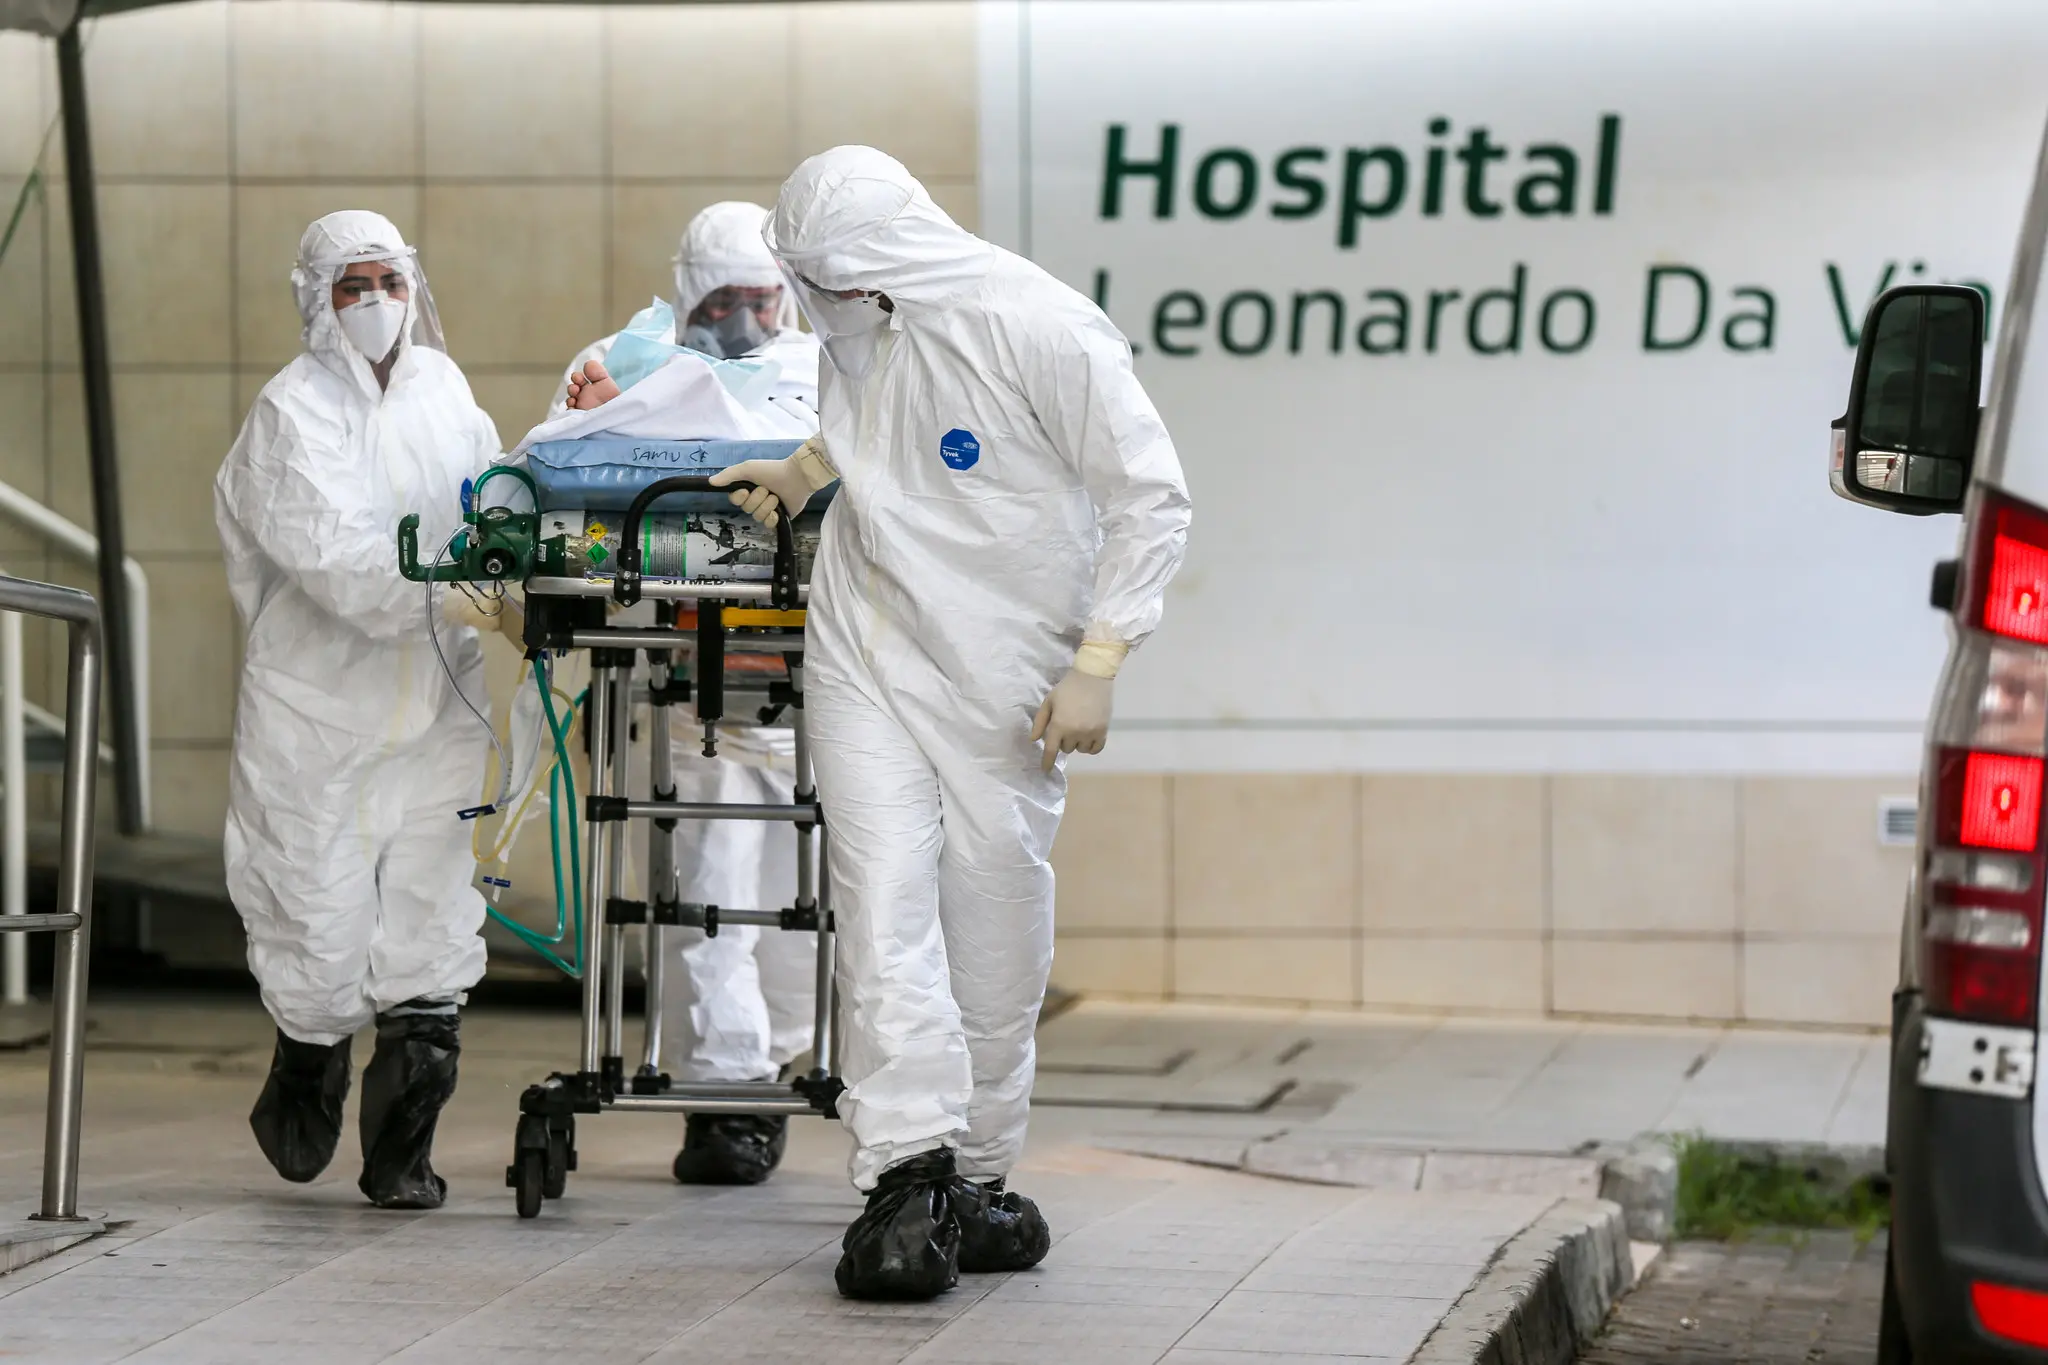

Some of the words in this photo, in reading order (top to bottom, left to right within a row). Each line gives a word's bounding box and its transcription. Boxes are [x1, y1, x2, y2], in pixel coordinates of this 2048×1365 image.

[1100, 114, 1622, 249] Hospital
[1643, 265, 1776, 351] Da
[632, 447, 681, 463] SAMU
[942, 449, 959, 457] Tyvek
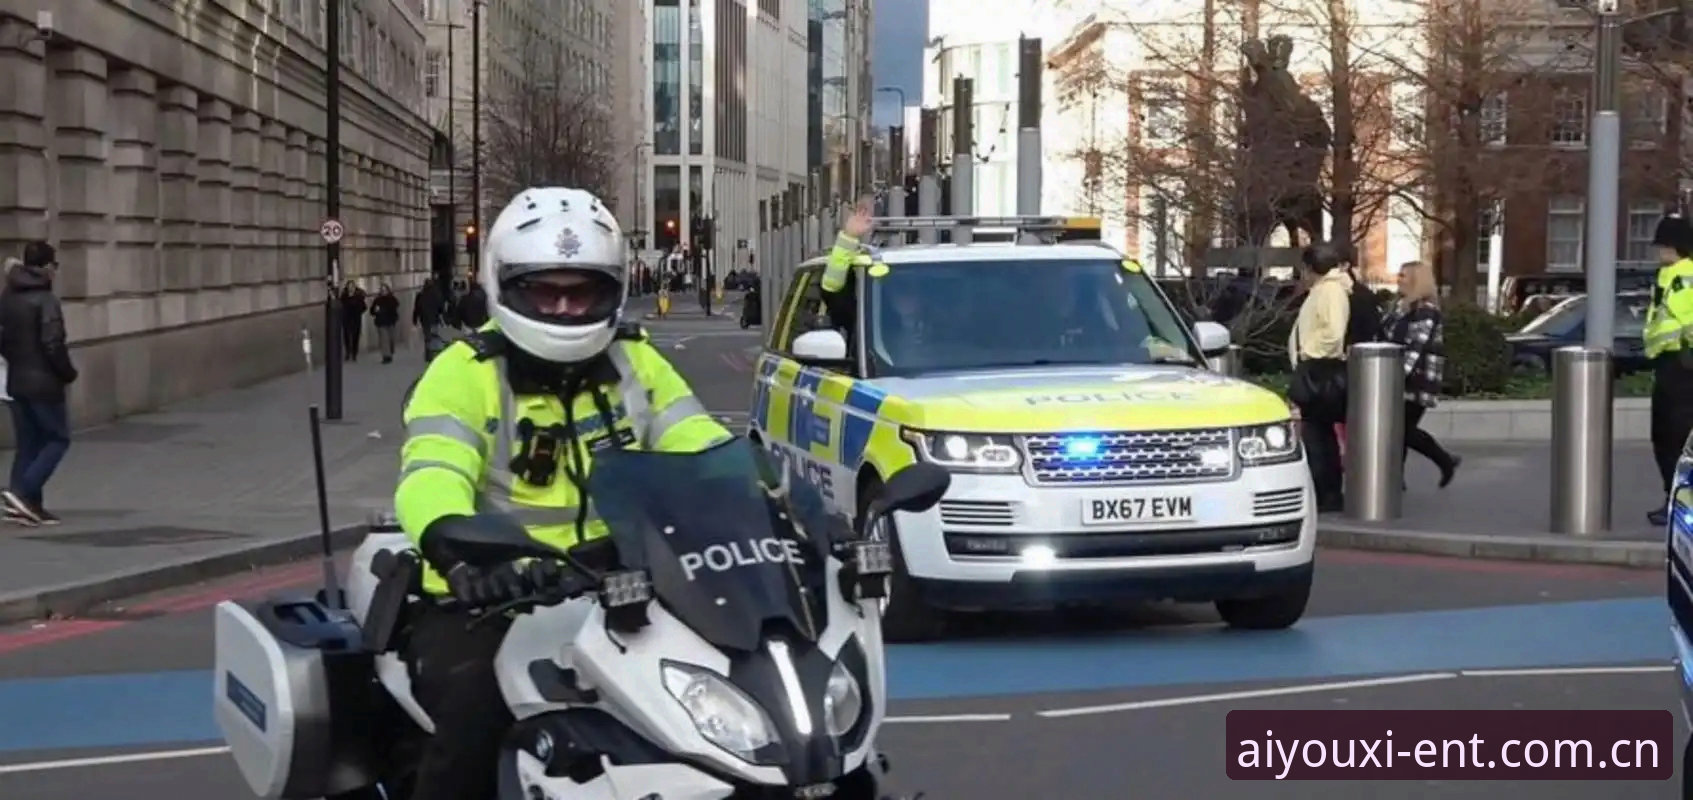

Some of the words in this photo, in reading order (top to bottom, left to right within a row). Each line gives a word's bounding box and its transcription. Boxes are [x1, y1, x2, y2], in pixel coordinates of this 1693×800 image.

[322, 224, 342, 238] 20
[1025, 391, 1197, 406] POLICE
[1091, 498, 1146, 520] BX67
[1151, 496, 1192, 517] EVM
[678, 537, 806, 582] POLICE
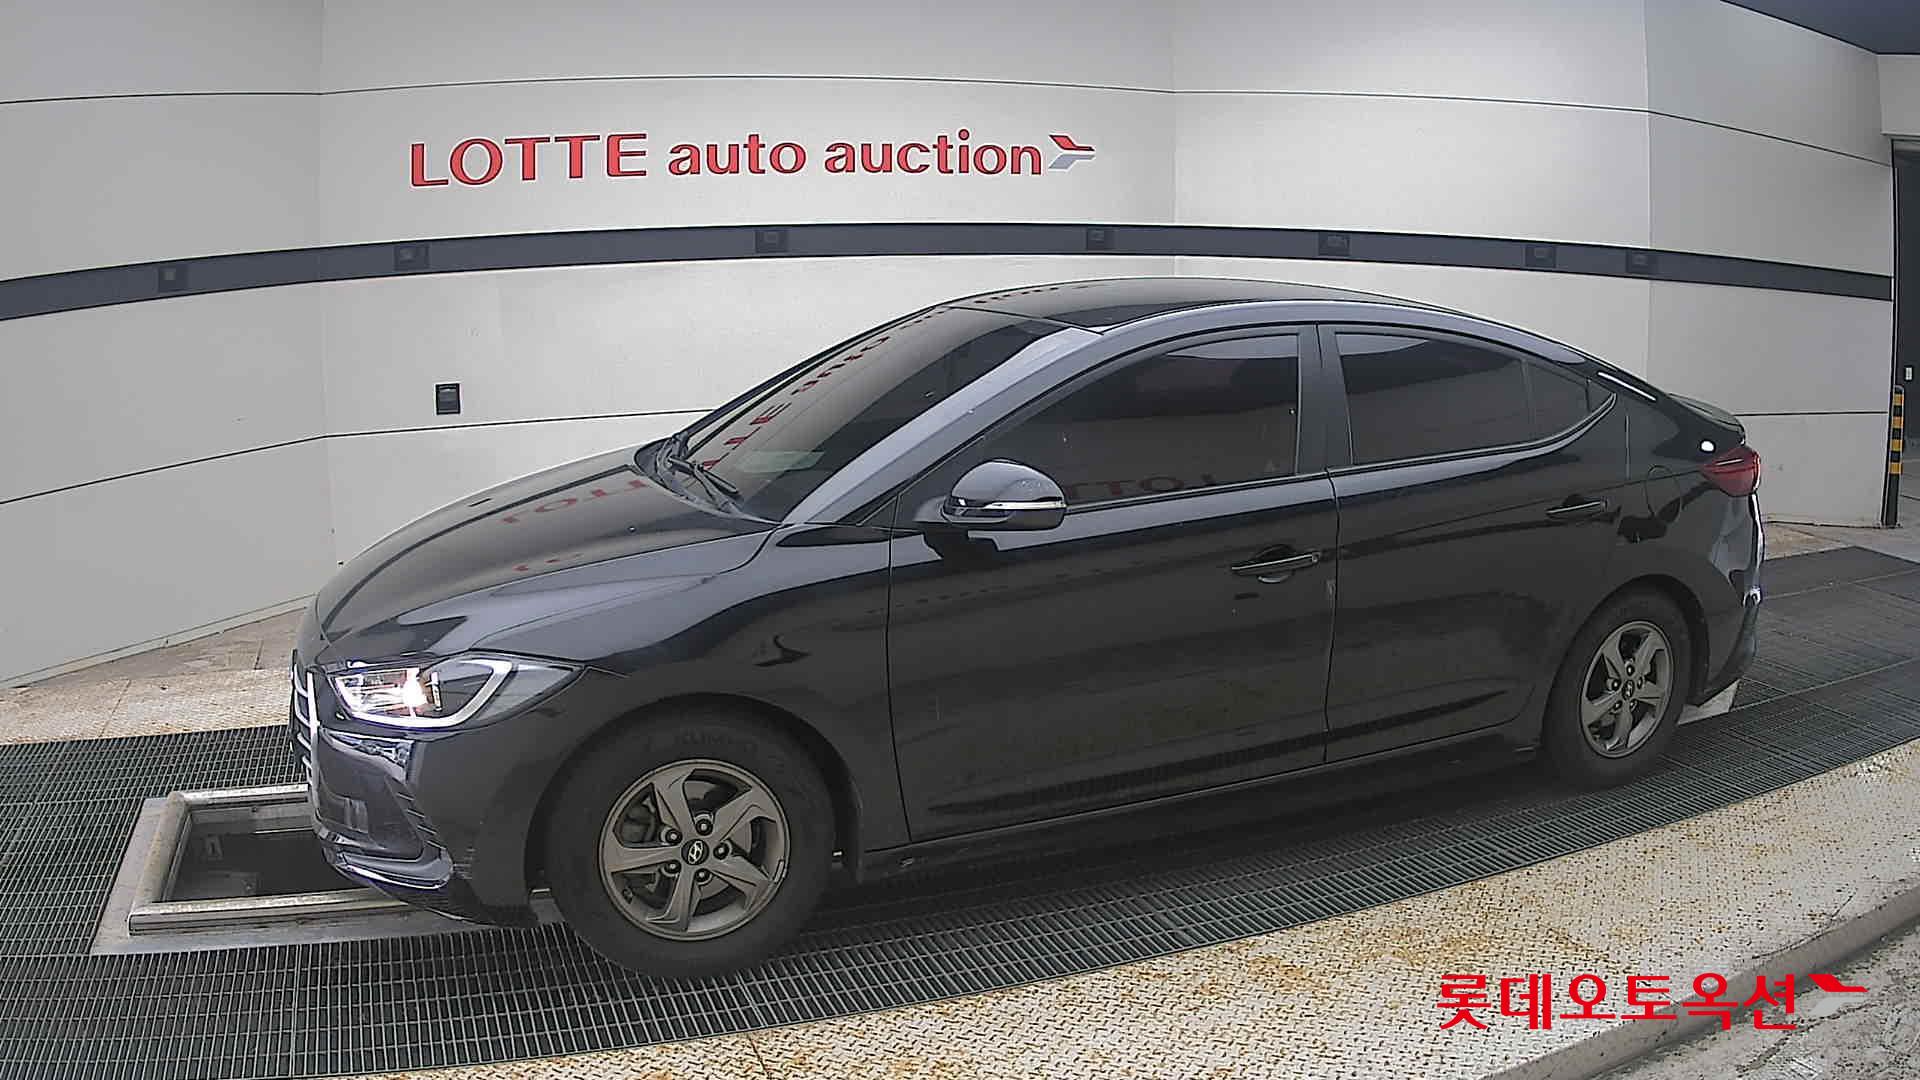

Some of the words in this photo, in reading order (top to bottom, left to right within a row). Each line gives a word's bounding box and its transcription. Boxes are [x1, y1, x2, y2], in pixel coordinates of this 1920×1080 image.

[410, 132, 647, 188] LOTTE
[668, 134, 808, 176] auto
[824, 128, 1042, 175] auction

|---|

→ **AIM OF THE TASK**: The expected answer is the full listing above, transcribed exactly and without pictures.

→ **ANSWER**:
Some of the words in this photo, in reading order (top to bottom, left to right within a row). Each line gives a word's bounding box and its transcription. Boxes are [x1, y1, x2, y2], in pixel coordinates of this 2048×1365 image.

[1100, 114, 1622, 249] Hospital
[1643, 265, 1776, 351] Da
[632, 447, 681, 463] SAMU
[942, 449, 959, 457] Tyvek

Some of the words in this photo, in reading order (top to bottom, left to right within a row). Each line gives a word's bounding box and its transcription. Boxes are [x1, y1, x2, y2], in pixel coordinates of this 1693×800 image.

[322, 224, 342, 238] 20
[1025, 391, 1197, 406] POLICE
[1091, 498, 1146, 520] BX67
[1151, 496, 1192, 517] EVM
[678, 537, 806, 582] POLICE

Some of the words in this photo, in reading order (top to bottom, left to right within a row). Each line gives a word's bounding box and its transcription. Boxes are [x1, y1, x2, y2], in pixel coordinates of this 1920×1080 image.

[410, 132, 647, 188] LOTTE
[668, 134, 808, 176] auto
[824, 128, 1042, 175] auction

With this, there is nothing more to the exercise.